>>>

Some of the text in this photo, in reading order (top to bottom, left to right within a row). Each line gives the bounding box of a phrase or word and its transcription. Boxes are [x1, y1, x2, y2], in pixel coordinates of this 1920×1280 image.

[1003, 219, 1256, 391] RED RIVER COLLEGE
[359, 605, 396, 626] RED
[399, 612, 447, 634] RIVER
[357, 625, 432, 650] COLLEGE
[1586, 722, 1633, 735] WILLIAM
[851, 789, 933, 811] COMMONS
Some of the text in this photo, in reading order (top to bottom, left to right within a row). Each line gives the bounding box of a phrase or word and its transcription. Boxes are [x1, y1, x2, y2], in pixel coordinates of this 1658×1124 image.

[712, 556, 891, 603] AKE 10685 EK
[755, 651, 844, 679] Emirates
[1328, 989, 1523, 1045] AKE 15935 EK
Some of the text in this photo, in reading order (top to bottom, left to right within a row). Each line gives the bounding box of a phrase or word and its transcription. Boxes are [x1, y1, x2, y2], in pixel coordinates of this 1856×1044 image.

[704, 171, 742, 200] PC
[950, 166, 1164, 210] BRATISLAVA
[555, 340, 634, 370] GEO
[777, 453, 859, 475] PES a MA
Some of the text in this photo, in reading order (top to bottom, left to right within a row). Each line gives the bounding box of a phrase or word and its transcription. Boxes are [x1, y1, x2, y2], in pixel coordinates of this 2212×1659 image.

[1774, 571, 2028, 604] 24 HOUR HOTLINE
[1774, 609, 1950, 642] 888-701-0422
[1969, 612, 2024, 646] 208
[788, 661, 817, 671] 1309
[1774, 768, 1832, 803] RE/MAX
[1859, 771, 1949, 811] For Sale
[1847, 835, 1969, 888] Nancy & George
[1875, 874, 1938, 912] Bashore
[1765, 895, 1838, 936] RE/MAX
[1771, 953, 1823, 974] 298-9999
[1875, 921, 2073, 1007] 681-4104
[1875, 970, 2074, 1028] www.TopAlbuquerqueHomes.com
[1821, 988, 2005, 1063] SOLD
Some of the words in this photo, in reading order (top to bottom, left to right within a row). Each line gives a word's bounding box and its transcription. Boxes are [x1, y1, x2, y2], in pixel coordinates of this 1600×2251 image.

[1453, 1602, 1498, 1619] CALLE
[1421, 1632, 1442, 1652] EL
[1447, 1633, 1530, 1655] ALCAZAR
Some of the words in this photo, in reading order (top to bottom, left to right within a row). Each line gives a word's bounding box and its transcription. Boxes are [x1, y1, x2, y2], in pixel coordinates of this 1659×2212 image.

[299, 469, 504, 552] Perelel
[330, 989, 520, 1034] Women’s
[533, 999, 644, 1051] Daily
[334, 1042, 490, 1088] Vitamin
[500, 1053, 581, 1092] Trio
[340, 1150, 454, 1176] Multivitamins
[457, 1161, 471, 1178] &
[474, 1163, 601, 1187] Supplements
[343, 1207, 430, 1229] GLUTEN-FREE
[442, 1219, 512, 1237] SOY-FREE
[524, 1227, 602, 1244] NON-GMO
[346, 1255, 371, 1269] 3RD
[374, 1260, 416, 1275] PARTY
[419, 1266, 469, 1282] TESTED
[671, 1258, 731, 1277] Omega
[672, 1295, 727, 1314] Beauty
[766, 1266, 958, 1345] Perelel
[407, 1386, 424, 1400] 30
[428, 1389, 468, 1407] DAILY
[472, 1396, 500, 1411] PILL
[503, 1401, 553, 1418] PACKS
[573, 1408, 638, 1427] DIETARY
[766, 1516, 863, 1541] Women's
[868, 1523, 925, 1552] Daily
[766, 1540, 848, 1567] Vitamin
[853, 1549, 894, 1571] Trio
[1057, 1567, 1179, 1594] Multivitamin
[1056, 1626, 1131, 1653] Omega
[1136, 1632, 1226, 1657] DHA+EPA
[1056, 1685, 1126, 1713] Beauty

<<<

**Work to complete**:
Transcribe all the material, keeping each word as it is.

**Response below**:
Some of the text in this photo, in reading order (top to bottom, left to right within a row). Each line gives the bounding box of a phrase or word and its transcription. Boxes are [x1, y1, x2, y2], in pixel coordinates of this 1920×1280 image.

[1003, 219, 1256, 391] RED RIVER COLLEGE
[359, 605, 396, 626] RED
[399, 612, 447, 634] RIVER
[357, 625, 432, 650] COLLEGE
[1586, 722, 1633, 735] WILLIAM
[851, 789, 933, 811] COMMONS
Some of the text in this photo, in reading order (top to bottom, left to right within a row). Each line gives the bounding box of a phrase or word and its transcription. Boxes are [x1, y1, x2, y2], in pixel coordinates of this 1658×1124 image.

[712, 556, 891, 603] AKE 10685 EK
[755, 651, 844, 679] Emirates
[1328, 989, 1523, 1045] AKE 15935 EK
Some of the text in this photo, in reading order (top to bottom, left to right within a row). Each line gives the bounding box of a phrase or word and its transcription. Boxes are [x1, y1, x2, y2], in pixel coordinates of this 1856×1044 image.

[704, 171, 742, 200] PC
[950, 166, 1164, 210] BRATISLAVA
[555, 340, 634, 370] GEO
[777, 453, 859, 475] PES a MA
Some of the text in this photo, in reading order (top to bottom, left to right within a row). Each line gives the bounding box of a phrase or word and its transcription. Boxes are [x1, y1, x2, y2], in pixel coordinates of this 2212×1659 image.

[1774, 571, 2028, 604] 24 HOUR HOTLINE
[1774, 609, 1950, 642] 888-701-0422
[1969, 612, 2024, 646] 208
[788, 661, 817, 671] 1309
[1774, 768, 1832, 803] RE/MAX
[1859, 771, 1949, 811] For Sale
[1847, 835, 1969, 888] Nancy & George
[1875, 874, 1938, 912] Bashore
[1765, 895, 1838, 936] RE/MAX
[1771, 953, 1823, 974] 298-9999
[1875, 921, 2073, 1007] 681-4104
[1875, 970, 2074, 1028] www.TopAlbuquerqueHomes.com
[1821, 988, 2005, 1063] SOLD
Some of the words in this photo, in reading order (top to bottom, left to right within a row). Each line gives a word's bounding box and its transcription. Boxes are [x1, y1, x2, y2], in pixel coordinates of this 1600×2251 image.

[1453, 1602, 1498, 1619] CALLE
[1421, 1632, 1442, 1652] EL
[1447, 1633, 1530, 1655] ALCAZAR
Some of the words in this photo, in reading order (top to bottom, left to right within a row). Each line gives a word's bounding box and its transcription. Boxes are [x1, y1, x2, y2], in pixel coordinates of this 1659×2212 image.

[299, 469, 504, 552] Perelel
[330, 989, 520, 1034] Women’s
[533, 999, 644, 1051] Daily
[334, 1042, 490, 1088] Vitamin
[500, 1053, 581, 1092] Trio
[340, 1150, 454, 1176] Multivitamins
[457, 1161, 471, 1178] &
[474, 1163, 601, 1187] Supplements
[343, 1207, 430, 1229] GLUTEN-FREE
[442, 1219, 512, 1237] SOY-FREE
[524, 1227, 602, 1244] NON-GMO
[346, 1255, 371, 1269] 3RD
[374, 1260, 416, 1275] PARTY
[419, 1266, 469, 1282] TESTED
[671, 1258, 731, 1277] Omega
[672, 1295, 727, 1314] Beauty
[766, 1266, 958, 1345] Perelel
[407, 1386, 424, 1400] 30
[428, 1389, 468, 1407] DAILY
[472, 1396, 500, 1411] PILL
[503, 1401, 553, 1418] PACKS
[573, 1408, 638, 1427] DIETARY
[766, 1516, 863, 1541] Women's
[868, 1523, 925, 1552] Daily
[766, 1540, 848, 1567] Vitamin
[853, 1549, 894, 1571] Trio
[1057, 1567, 1179, 1594] Multivitamin
[1056, 1626, 1131, 1653] Omega
[1136, 1632, 1226, 1657] DHA+EPA
[1056, 1685, 1126, 1713] Beauty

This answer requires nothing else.